Il 10 novembre scorso, in seguito alla riunione degli eurodeputati di Ecr, Fitto e l’altro co-presidente del gruppo, il polacco Ryszard Legutko del Pis, hanno diffuso una nota congiunta in cui ribadivano la volontà di non sciogliere i Conservatori e Riformisti in altre formazioni. Invece, insistevano, “inizieremo a lavorare per l’espansione del gruppo Ecr, aprendo un dialogo con delegazioni nazionali a noi affini a partire dalla delegazione Fidesz al Parlamento europeo. L’Ecr è qui per restare”.
Insomma, la risposta è sempre la stessa: se gli ungheresi orbaniani vogliono entrare in un gruppo politico, dopo l’addio al Ppe dell’inverno scorso, possono entrare in Ecr. No, invece, alla formazione di una nuova famiglia politica, ipotesi sulla quale insistono da tempo sia Orban che Salvini, che avrebbero in qualche modo convinto anche il premier polacco Mateusz Morawiecki. Ultimo, oggi, l’appello di Le Pen. Meloni resta contraria.
La conseguenza, almeno per ora, è che agli inizi di dicembre a Varsavia non nascerà alcun nuovo gruppo. Fratelli d’Italia non ci sta.
Significa che gli eletti di Fidesz potrebbero restare senza famiglia politica, con meno ‘armi’ per trattare sul rinnovo della presidenza dell’Europarlamento e delle Commissioni a fine anno per le scadenze di metà mandato.
E anche Salvini, in posizione scomoda nel gruppo di Identità e Democrazia da quando appoggia il governo Draghi, potrebbe essere destinato a lasciare i suoi eletti in questa collocazione politica.

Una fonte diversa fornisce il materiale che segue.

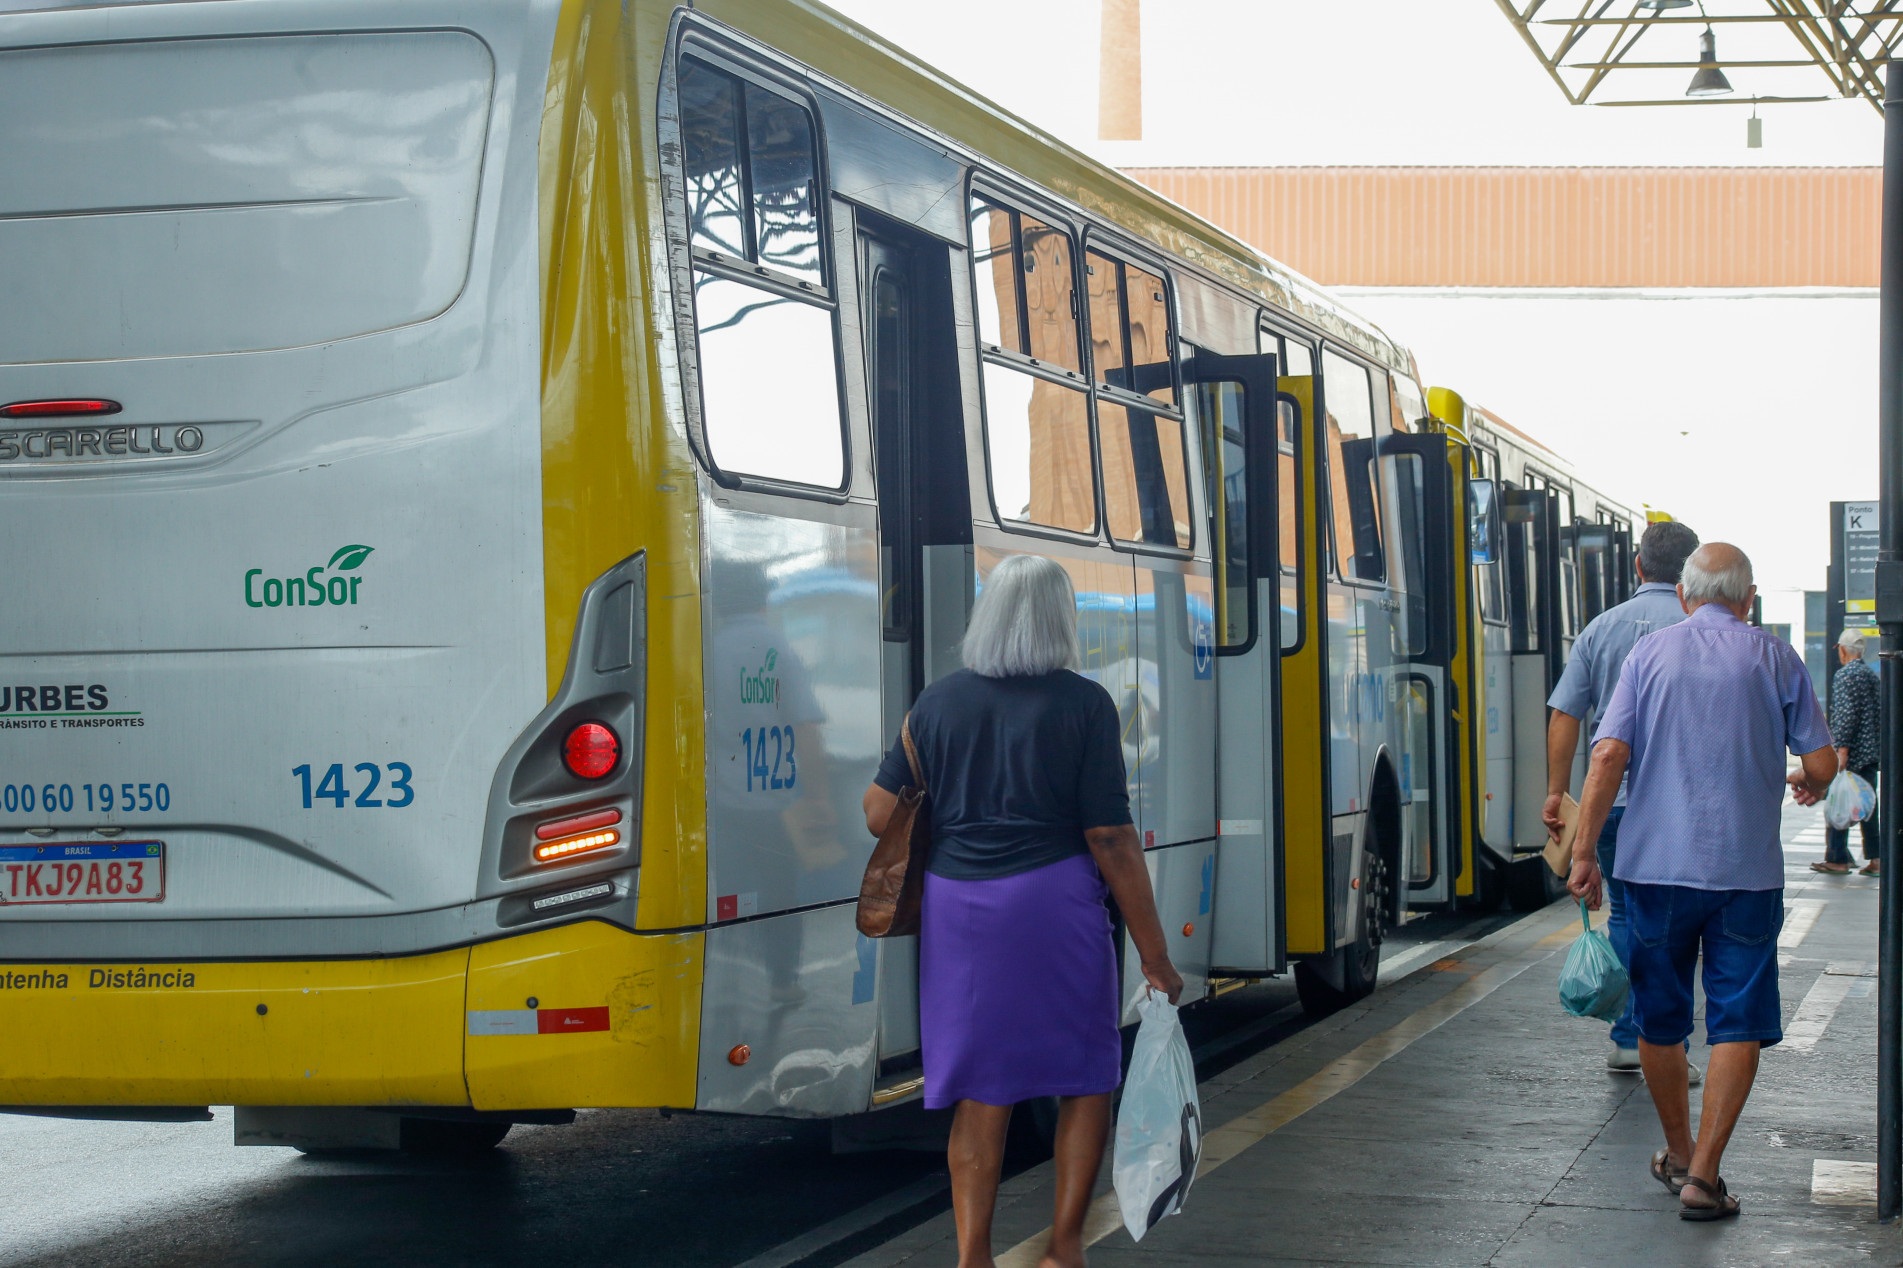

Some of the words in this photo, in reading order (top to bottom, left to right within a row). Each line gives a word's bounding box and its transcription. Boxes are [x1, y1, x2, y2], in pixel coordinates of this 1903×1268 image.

[0, 426, 203, 460] SCARELLO
[1849, 506, 1873, 514] Ponto
[1850, 515, 1862, 529] K
[245, 566, 362, 608] ConSor
[740, 667, 775, 704] ConSor
[51, 719, 58, 728] E
[61, 718, 145, 728] TRANSPORTES
[742, 725, 796, 792] 1423
[0, 784, 36, 812] 00
[42, 784, 74, 812] 60
[83, 783, 114, 812] 19
[121, 783, 170, 812] 550
[292, 761, 415, 809] 1423
[64, 847, 92, 855] BRASIL
[6, 861, 144, 897] TKJ9A83
[89, 967, 196, 989] Distância

Il leader leghista non riuscì a mettere insieme tutti i nazionalisti in un unico gruppo dopo le europee del 2019, per via delle ostilità dei polacchi contro la Lega stessa e la Le Pen, a causa dei loro legami con la Russia di Putin. Ma anche adesso che sembra sia crollato il ‘muro di Varsavia’, la nuova formazione non sembra destinata a nascere: c’è il veto di Meloni
(da Huffingtonpost)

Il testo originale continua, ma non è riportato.